Me di la vuelta y vi a Leta corriendo detrás de mí.

–A ti también te han llamado... –suspiré.
–Sí... Qué mal, con las ganas que tenía de echarme una siestecita...
–Deberíamos matarla. En serio.
–Ya es la tercera vez que hace esto, nos obliga a ir para recuperar clase... –empezamos a subir las escaleras–. ¿Y los que son de fuera, qué?
–Ya, pues le da igual.
–Pues no, no es justo...
–Y qué le vamos a hacer...

Por si no se nota todavía, yo siempre evitaba el conflicto. Siempre decía lo que quería oír la otra persona para que la conversación no se alargara más de lo necesario. No es que tema al contacto con la gente... Simplemente es mi forma de ser. Soy así desde que tengo memoria.
Llegamos a la puerta del aula, que estaba abierta, y entramos. Éramos siete personas en total. Teniendo en cuenta los pocos internos que había, éramos incluso demasiados. No veía por ninguna parte a Schío, otro compañero interno que seguro que prefería pasar de la clase de historia y quedarse en su habitación haciendo Arceus sabe qué.
Tomamos asiento en la segunda fila, ya que la primera se considera zona de peligro. Saqué una hoja y empecé a escribir lo que había apuntado la profesora en la pizarra.

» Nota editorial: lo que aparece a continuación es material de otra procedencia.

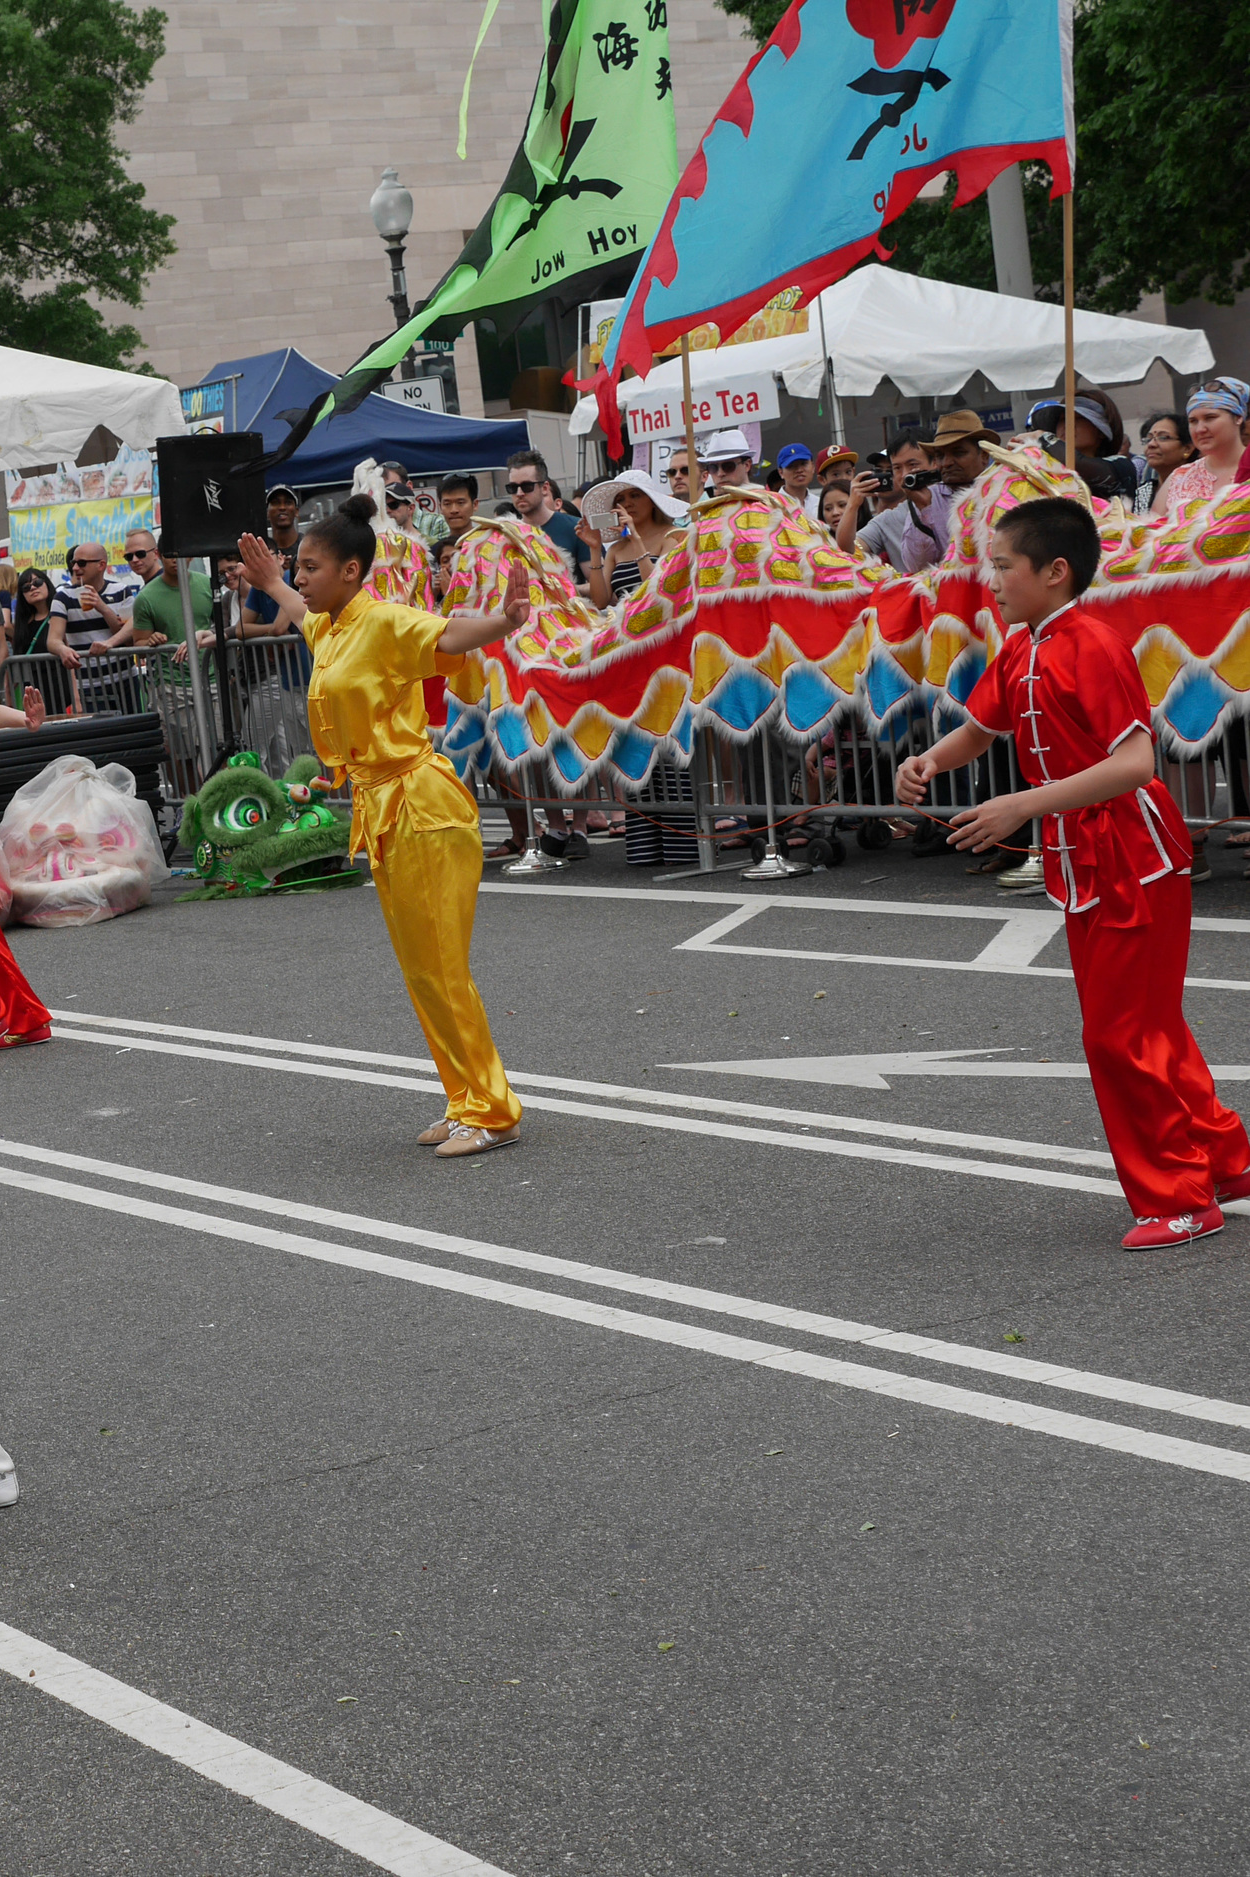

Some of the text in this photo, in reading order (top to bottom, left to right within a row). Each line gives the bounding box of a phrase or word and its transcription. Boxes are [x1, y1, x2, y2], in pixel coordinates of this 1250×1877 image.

[531, 224, 638, 284] Jow Hoy
[403, 386, 423, 400] NO
[628, 389, 760, 434] Thai Ice Tea

La profesora de historia se llamaba Conta Grudo. Era una mujer bien entrada en los cuarenta, tenía el pelo liso, de color cobrizo, piel morena y ojos granates. Era de actitud más bien desenfadada, pero no era nada aconsejable jugársela con ella. Le gustaba añadir su toque personal a las clases, criticando a aquellos grupos sociales que ella consideraba retrógrados o a las figuras famosas que, a su entender, habían actuado de forma cobarde o estúpida.

–De modo que el Gran Duque Cid Fabool IX decidió... contratar a un grupo deee... titiriteros para que fueran a "secuestrar" a la Princesa Garnet von Alexandros...

"Duque Cid IX", apunté en la hoja, y casi al instante comencé a garabatear nombres, a hacer pentagramas, estrellas y cualquier dibujo que se me pasaba por la cabeza.
No entendía la utilidad de esas clases. Si quería ser Seed, ¿de qué me servía saber quién hizo qué? Lo que debería estar haciendo es practicar hechizos de nivel alto, no perdiendo el tiempo escuchando los desvaríos de un duque que vivió hace yo qué sé cuántos siglos.

Miré por la ventana. Había un cielo azul con pocas nubes a la vista. El calor se apagaba poco a poco con cada día que pasaba, y se acercaba mi querido invierno.
En ese momento, mi cerebro volvió a reproducir la cara del chico que había visto de camino a clase. Podía verla en la mente con total claridad, como si le conociera de toda la vida. ¿Tal vez nos habíamos visto antes? Imposible, si fuera del orfanato me acordaría de él, y mi vida entera había transcurrido en ese lugar y en el Jardín.

Dicho así, suena triste, pero la verdad es que no considero que haya tenido una mala infancia. Dadas las circunstancias, para ser un mago negro huérfano, era bastante feliz. Tenía unos pocos amigos, conocimientos mágicos y me faltaba menos de un año para graduarme como Seed.
Se me dibujó una sonrisa en la cara. Era uno de esos momentos en los que, sencillamente, me alegraba de estar vivo. Con una extraña resolución de esas que solo duran unos minutos, volví la cabeza hacia la profesora y empecé a absorber sus palabras con genuino interés, decidido a aprenderlo todo y a comerme el mundo.